PROBLEM STATEMENT:
The required output is the exact sequence of lines from the line holding "this 1600×1563 image." to the end of the records, inclusive.

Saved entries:

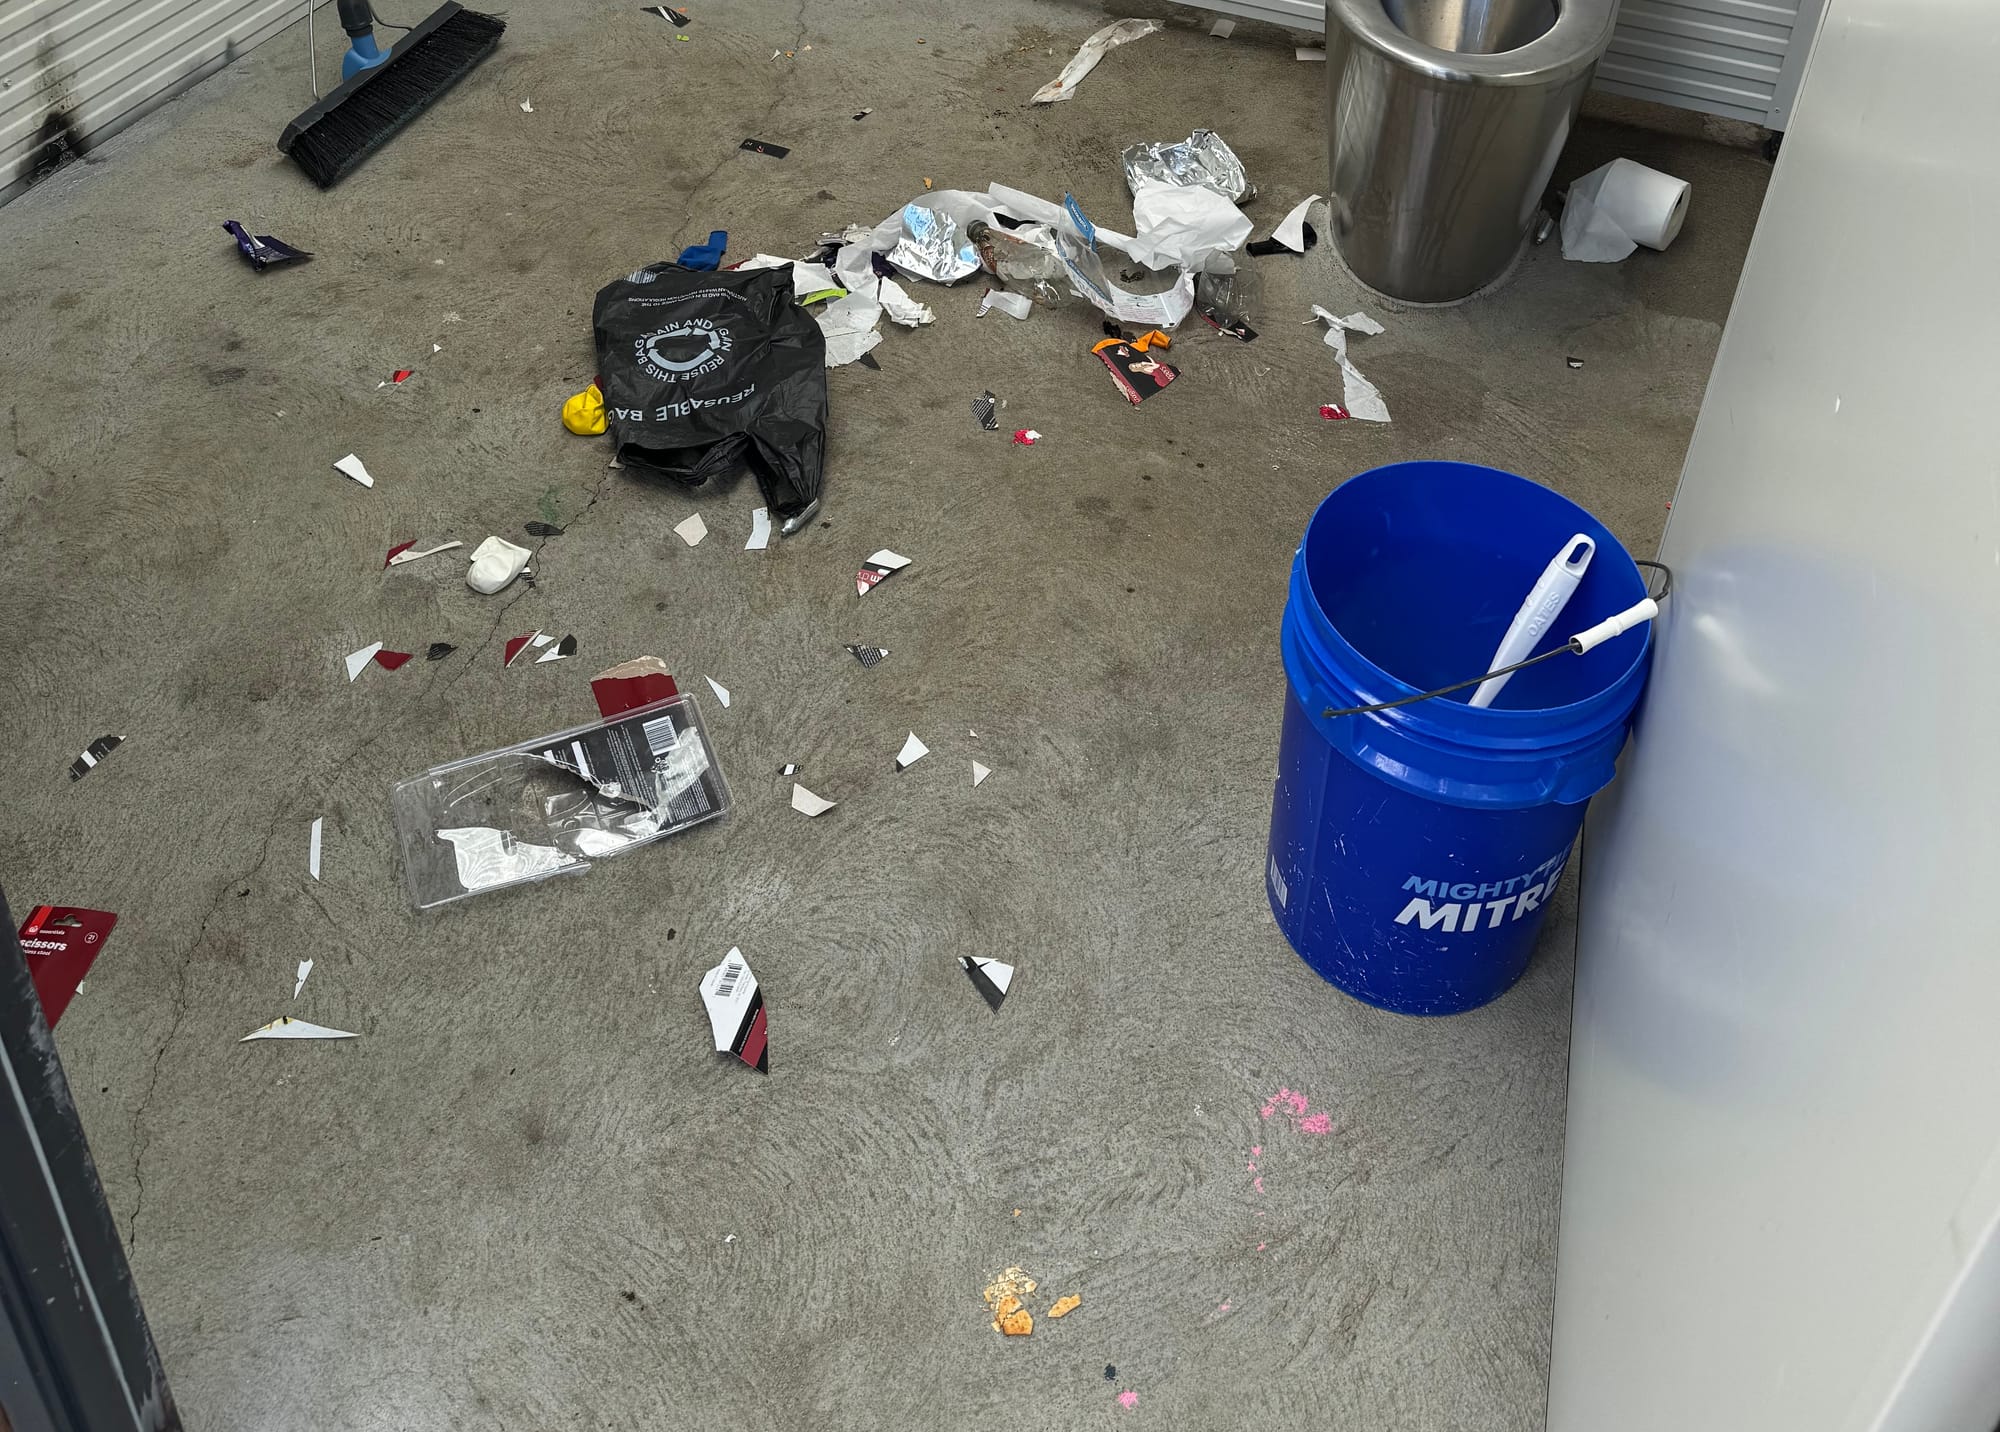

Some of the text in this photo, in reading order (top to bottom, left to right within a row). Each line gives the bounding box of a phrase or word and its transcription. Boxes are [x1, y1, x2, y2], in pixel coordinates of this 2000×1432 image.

[683, 318, 713, 330] AND
[634, 339, 648, 365] BAG
[718, 327, 733, 352] GAIN
[645, 363, 677, 383] THIS
[680, 354, 725, 381] REUSE
[607, 383, 755, 425] REUSABLE BAG
[1528, 591, 1560, 638] OATES
[1401, 870, 1537, 900] MIGHTY
[20, 938, 68, 951] scissors
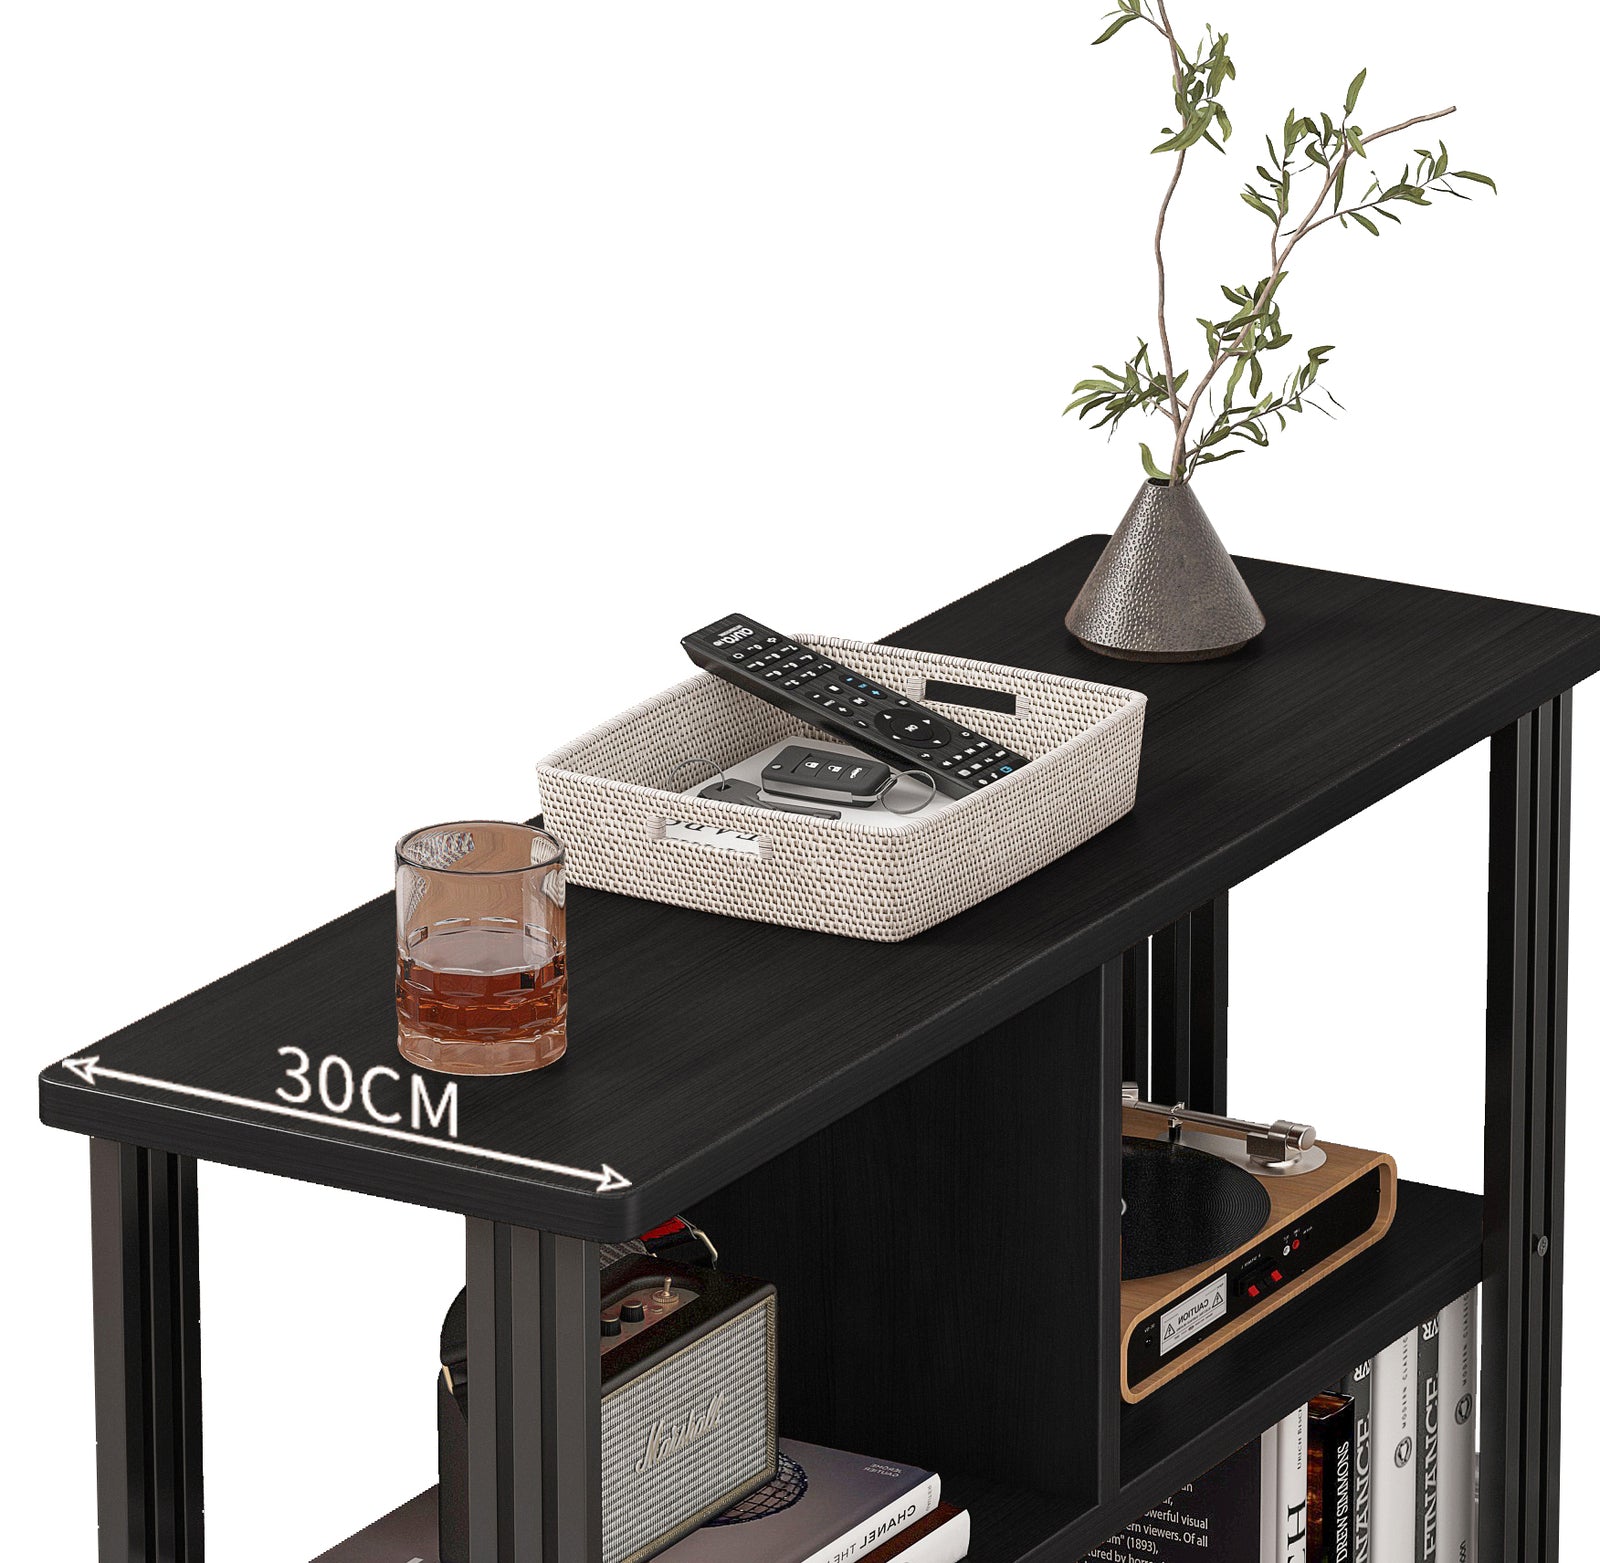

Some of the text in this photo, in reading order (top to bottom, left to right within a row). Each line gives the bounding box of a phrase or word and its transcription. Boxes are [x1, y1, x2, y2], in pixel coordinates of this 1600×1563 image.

[635, 1391, 724, 1474] Marshall
[1336, 1441, 1349, 1517] SIMMONS
[1181, 1514, 1208, 1530] visual
[1126, 1536, 1159, 1555] (1893),
[1143, 1524, 1182, 1542] viewers.
[1183, 1532, 1195, 1545] Of
[1197, 1535, 1208, 1548] all
[1088, 1549, 1113, 1561] ured

REPLY:
Some of the text in this photo, in reading order (top to bottom, left to right within a row). Each line gives the bounding box of a phrase or word and its transcription. Boxes are [x1, y1, x2, y2], in pixel coordinates of this 1600×1563 image.

[635, 1391, 724, 1474] Marshall
[1336, 1441, 1349, 1517] SIMMONS
[1181, 1514, 1208, 1530] visual
[1126, 1536, 1159, 1555] (1893),
[1143, 1524, 1182, 1542] viewers.
[1183, 1532, 1195, 1545] Of
[1197, 1535, 1208, 1548] all
[1088, 1549, 1113, 1561] ured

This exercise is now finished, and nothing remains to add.